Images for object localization
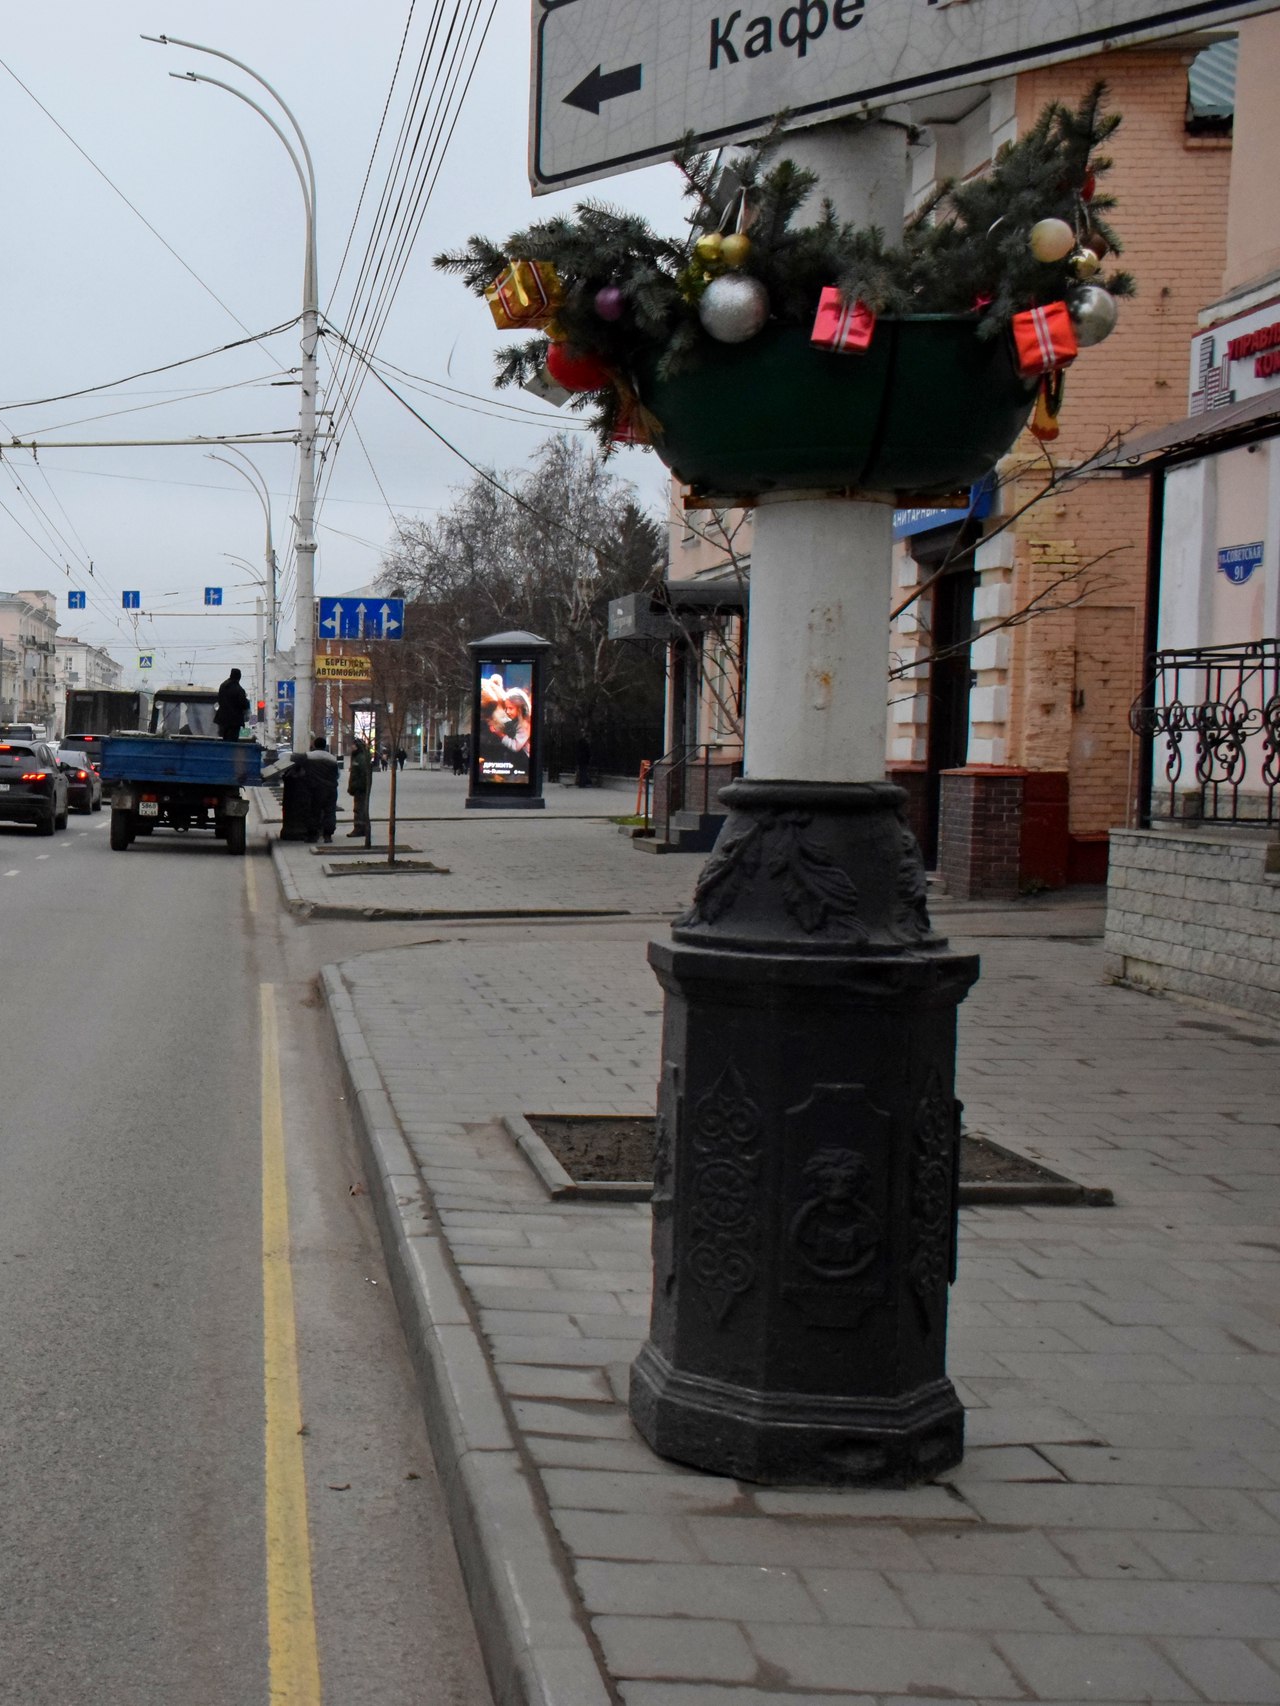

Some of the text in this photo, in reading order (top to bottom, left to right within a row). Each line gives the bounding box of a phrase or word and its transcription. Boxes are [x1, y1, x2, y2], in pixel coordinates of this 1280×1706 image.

[709, 0, 866, 71] Кафе
[1227, 321, 1280, 361] УПРАВЛ
[1234, 565, 1244, 580] 91
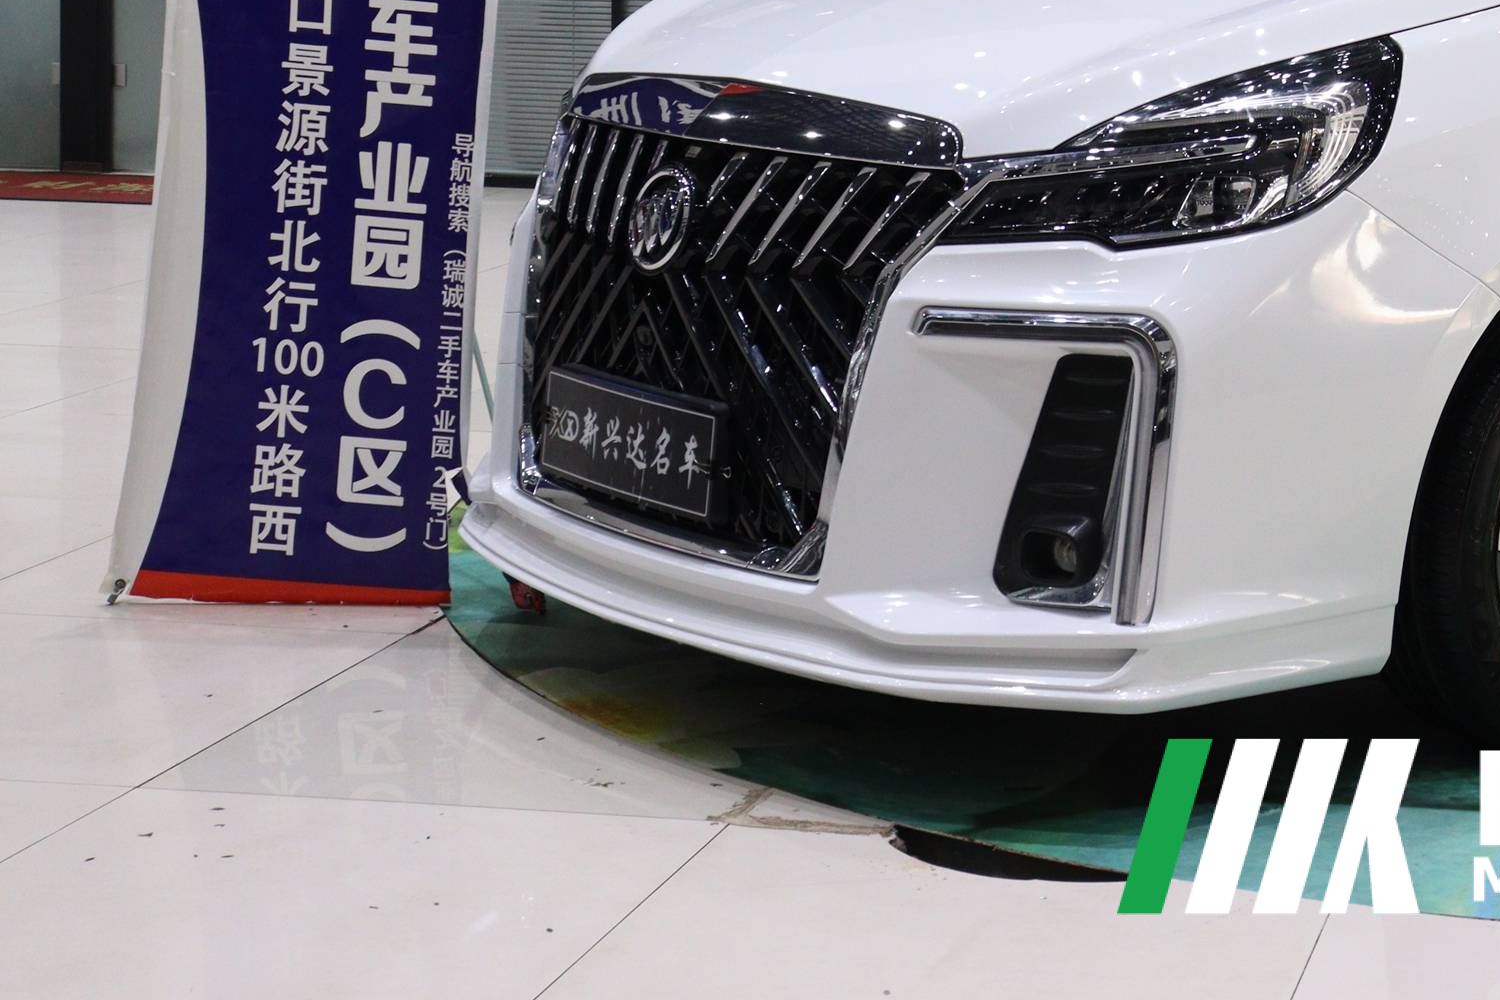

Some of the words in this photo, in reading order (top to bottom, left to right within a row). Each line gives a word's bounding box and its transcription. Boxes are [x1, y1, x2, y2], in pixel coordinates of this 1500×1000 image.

[579, 407, 701, 489] 新兴达名车
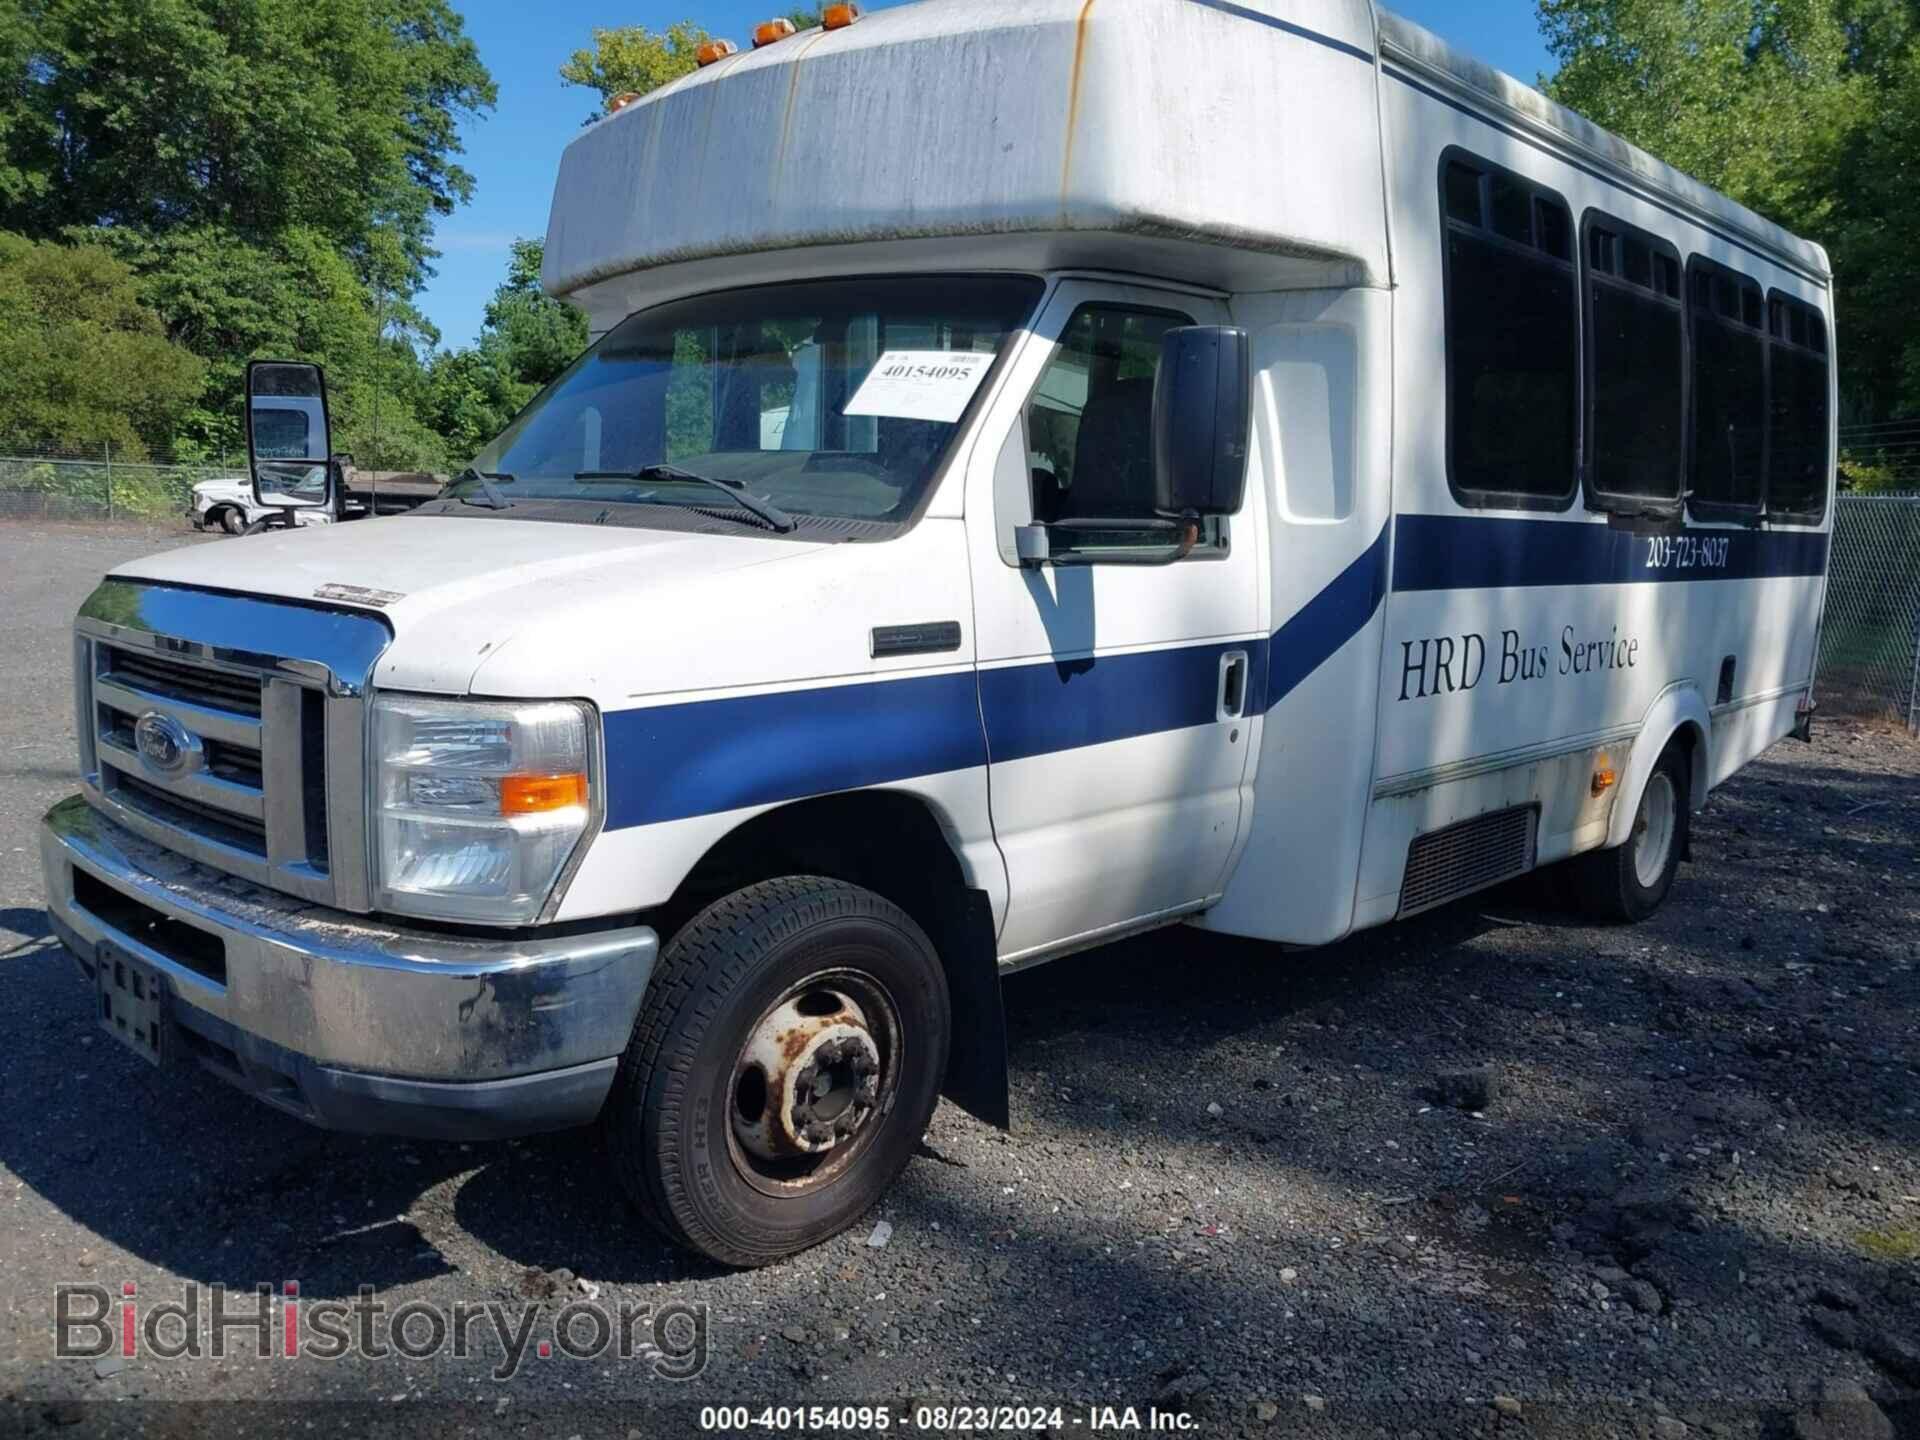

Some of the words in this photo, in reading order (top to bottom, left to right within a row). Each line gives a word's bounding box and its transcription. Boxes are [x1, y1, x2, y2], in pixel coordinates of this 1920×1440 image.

[881, 364, 972, 381] 40154095
[1645, 536, 1729, 568] 203-723-8037
[1398, 633, 1485, 700] HRD
[1498, 629, 1549, 684] Bus
[1558, 624, 1639, 675] Service
[142, 732, 169, 761] Ford

GOAL OF THE EXERCISE: Every entry above needs to be retyped exactly; drop the pictures.

ANSWER FOR THIS EXERCISE:
Some of the text in this photo, in reading order (top to bottom, left to right within a row). Each line gives the bounding box of a phrase or word and its transcription. Boxes are [x1, y1, x2, y2], in pixel coordinates of this 1280×1706 image.

[709, 0, 866, 71] Кафе
[1227, 321, 1280, 361] УПРАВЛ
[1234, 565, 1244, 580] 91

Some of the words in this photo, in reading order (top to bottom, left to right within a row). Each line gives a word's bounding box and its transcription. Boxes are [x1, y1, x2, y2], in pixel coordinates of this 1500×1000 image.

[579, 407, 701, 489] 新兴达名车

Some of the words in this photo, in reading order (top to bottom, left to right within a row). Each line gives a word's bounding box and its transcription. Boxes are [x1, y1, x2, y2], in pixel coordinates of this 1920×1440 image.

[881, 364, 972, 381] 40154095
[1645, 536, 1729, 568] 203-723-8037
[1398, 633, 1485, 700] HRD
[1498, 629, 1549, 684] Bus
[1558, 624, 1639, 675] Service
[142, 732, 169, 761] Ford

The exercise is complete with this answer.